Hi,
This can be acheived using ACL sets. There is in fact an example of exactly this use case in the admin guide!
http://www.openldap.org/doc/admin24/access-control.html#Sets - Granting rights based on relationships
It is noted in the documentation that sets are experimental. Just to add a word onto that, I use sets in several production environments, and have absolutely no stability problems.
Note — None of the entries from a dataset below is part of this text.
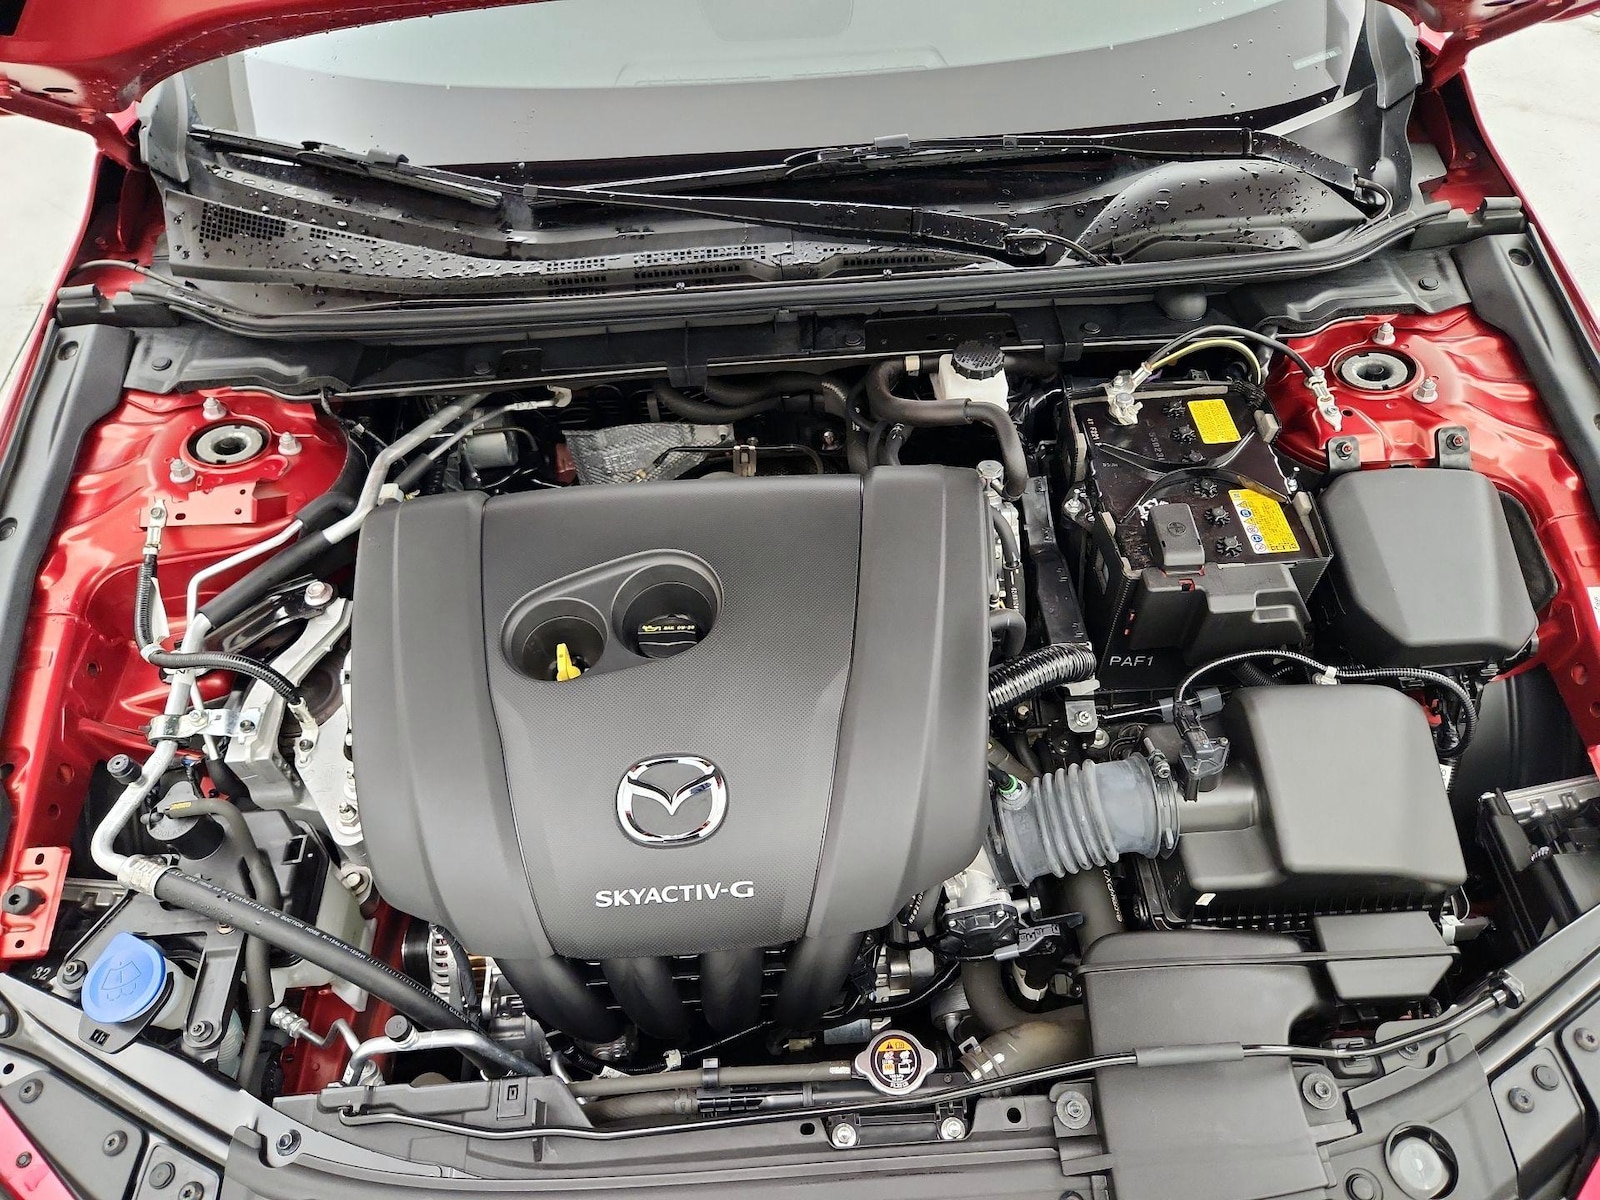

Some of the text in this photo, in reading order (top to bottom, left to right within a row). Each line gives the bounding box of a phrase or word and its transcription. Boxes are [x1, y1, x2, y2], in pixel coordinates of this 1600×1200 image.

[1109, 655, 1154, 667] PAF1
[595, 880, 755, 908] SKYACTIV-G
[226, 891, 268, 913] Flexbarrier
[280, 915, 305, 929] SUCTION
[304, 926, 321, 937] HOSE
[31, 966, 52, 980] 32
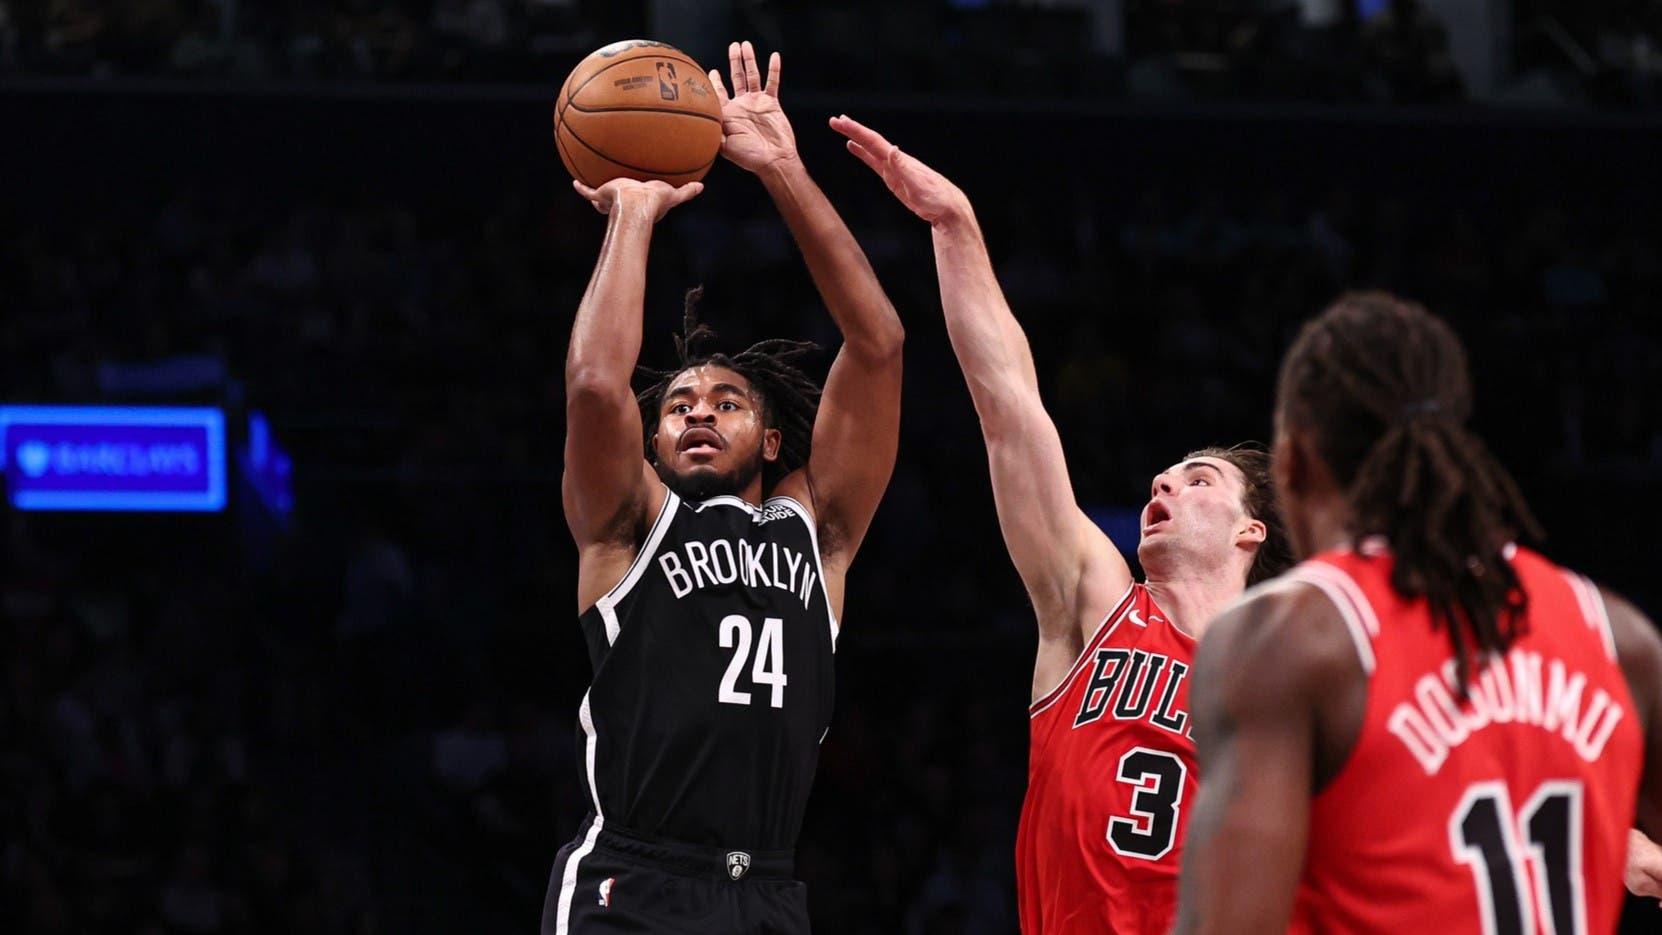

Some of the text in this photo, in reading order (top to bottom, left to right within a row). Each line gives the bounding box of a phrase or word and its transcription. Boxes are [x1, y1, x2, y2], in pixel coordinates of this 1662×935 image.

[658, 538, 817, 610] BROOKLYN
[718, 614, 787, 709] 24
[1072, 648, 1195, 741] BUL
[1106, 746, 1188, 861] 3
[729, 854, 748, 866] NETS
[1447, 780, 1588, 935] 11
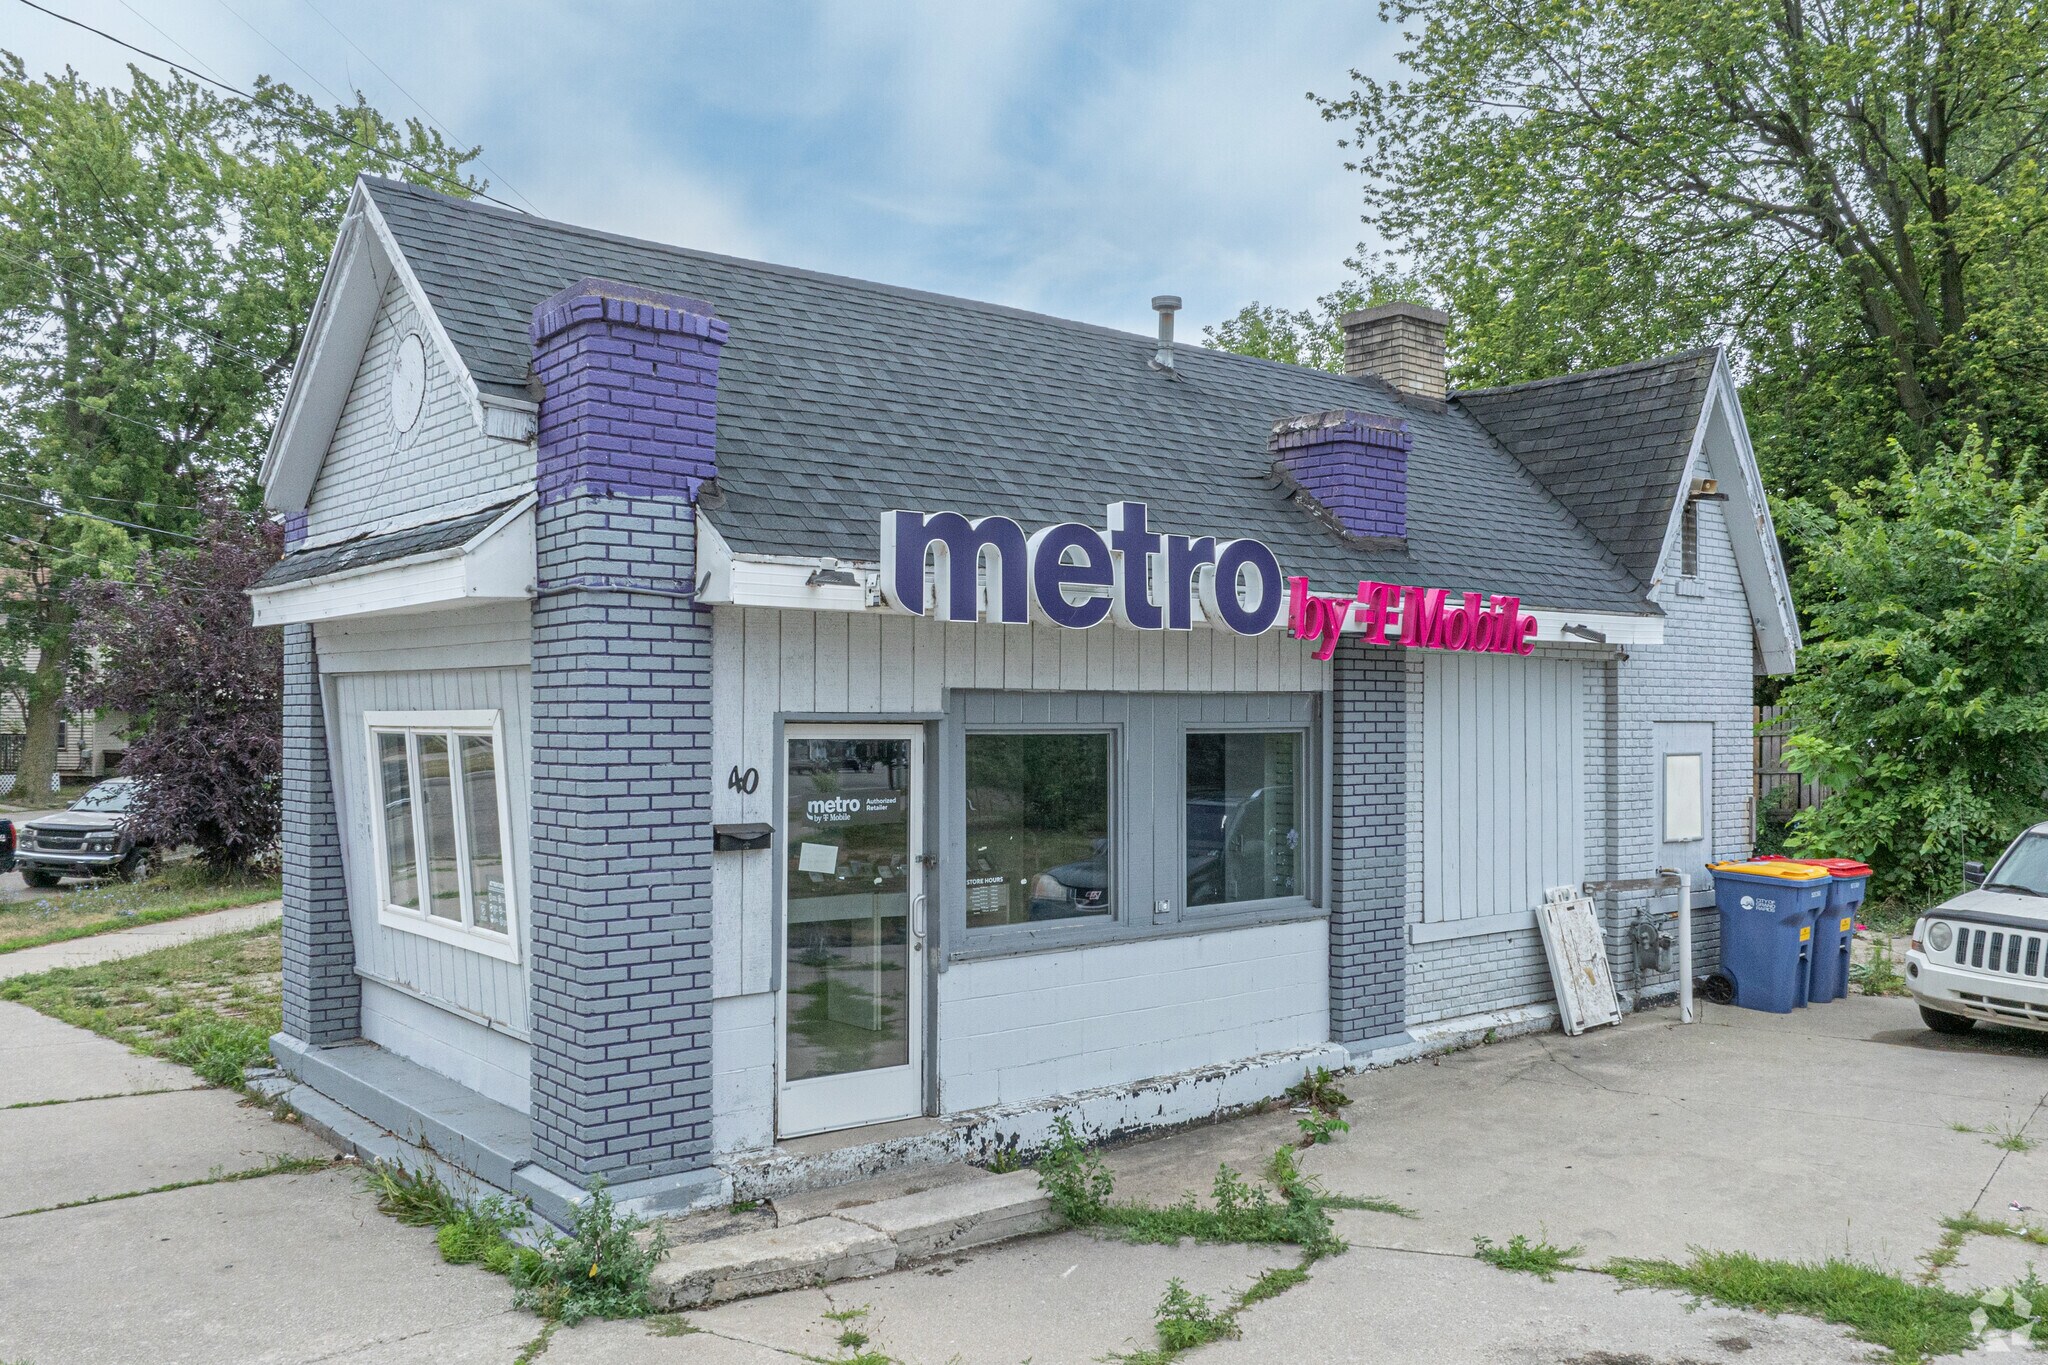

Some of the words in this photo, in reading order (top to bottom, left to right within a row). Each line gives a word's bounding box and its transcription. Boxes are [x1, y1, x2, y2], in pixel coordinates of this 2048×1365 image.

[881, 501, 1282, 636] metro
[1287, 576, 1352, 661] by
[728, 765, 759, 794] 40
[807, 796, 860, 815] metro
[813, 814, 822, 823] by
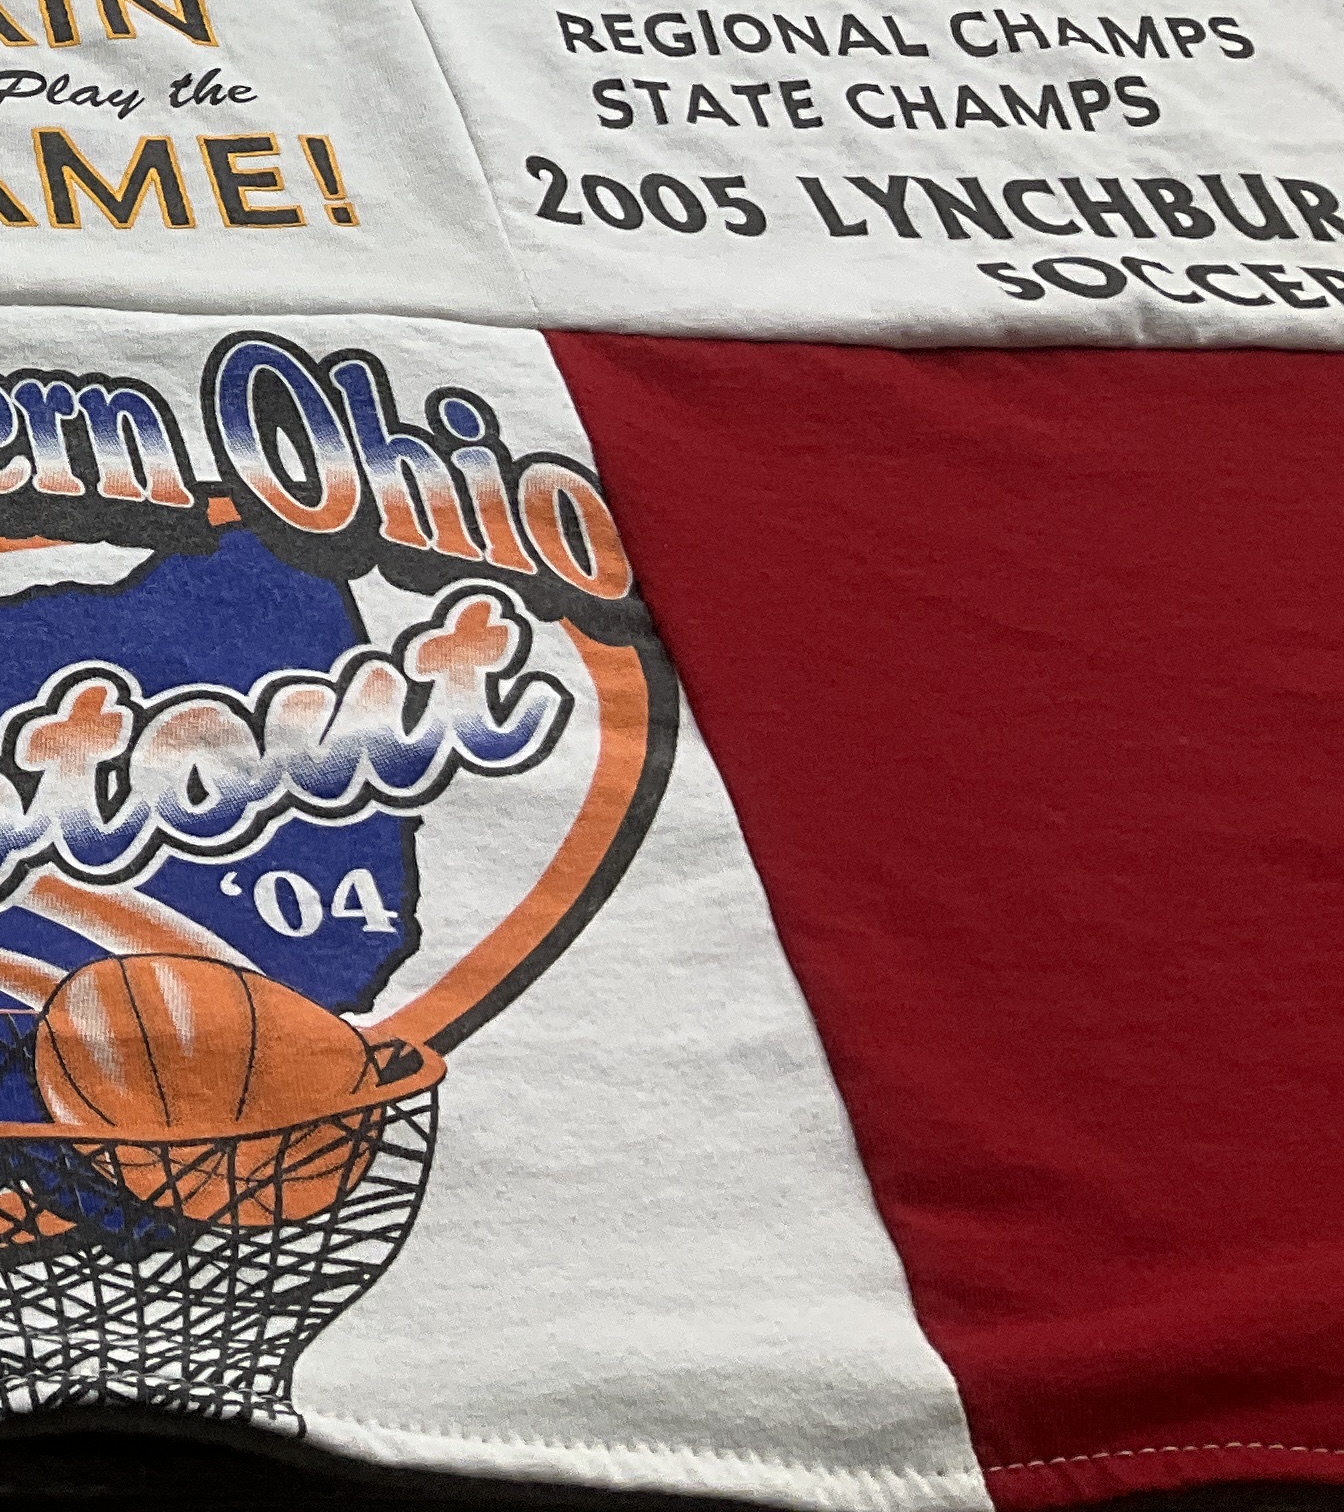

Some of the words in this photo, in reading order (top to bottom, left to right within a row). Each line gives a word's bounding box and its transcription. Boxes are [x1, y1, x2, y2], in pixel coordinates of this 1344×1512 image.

[555, 8, 930, 58] REGIONAL
[947, 9, 1255, 61] CHAMPS
[165, 70, 259, 110] the
[590, 78, 824, 131] STATE
[843, 75, 1162, 134] CHAMPS
[523, 154, 769, 238] 2005
[200, 330, 644, 604] Ohio
However, depending on the sets you use, the performance hit can be important (sets can fire off thousands of search requests just to evaluate one ACL, if they're badly written). Also, ACLs with sets are not cached.
Hope this helps, Jonathan
Thanks a lot! This should work. But unfortunately it does not :-(
My ACL looks like this now:
access to dn.sub="ou=agents,dc=myDomain" filter=(objectclass=person) by set="[cn=UserManagement,ou=rights,dc=myDomain]/member*" write by self read
cn=Test,ou=agents,dc=myDomain is a member of cn=supervisor,ou=groups,dc=myDomain which is a member of cn=UserManagement,ou=rights,dc=myDomain
Test has write access to all other agents. But he still has the right when I remove cn=supervisor... from the Usermanagement group.
Any idea why? How can I debug ACLs? Is it possible so print infos or do something like setting breakpoints?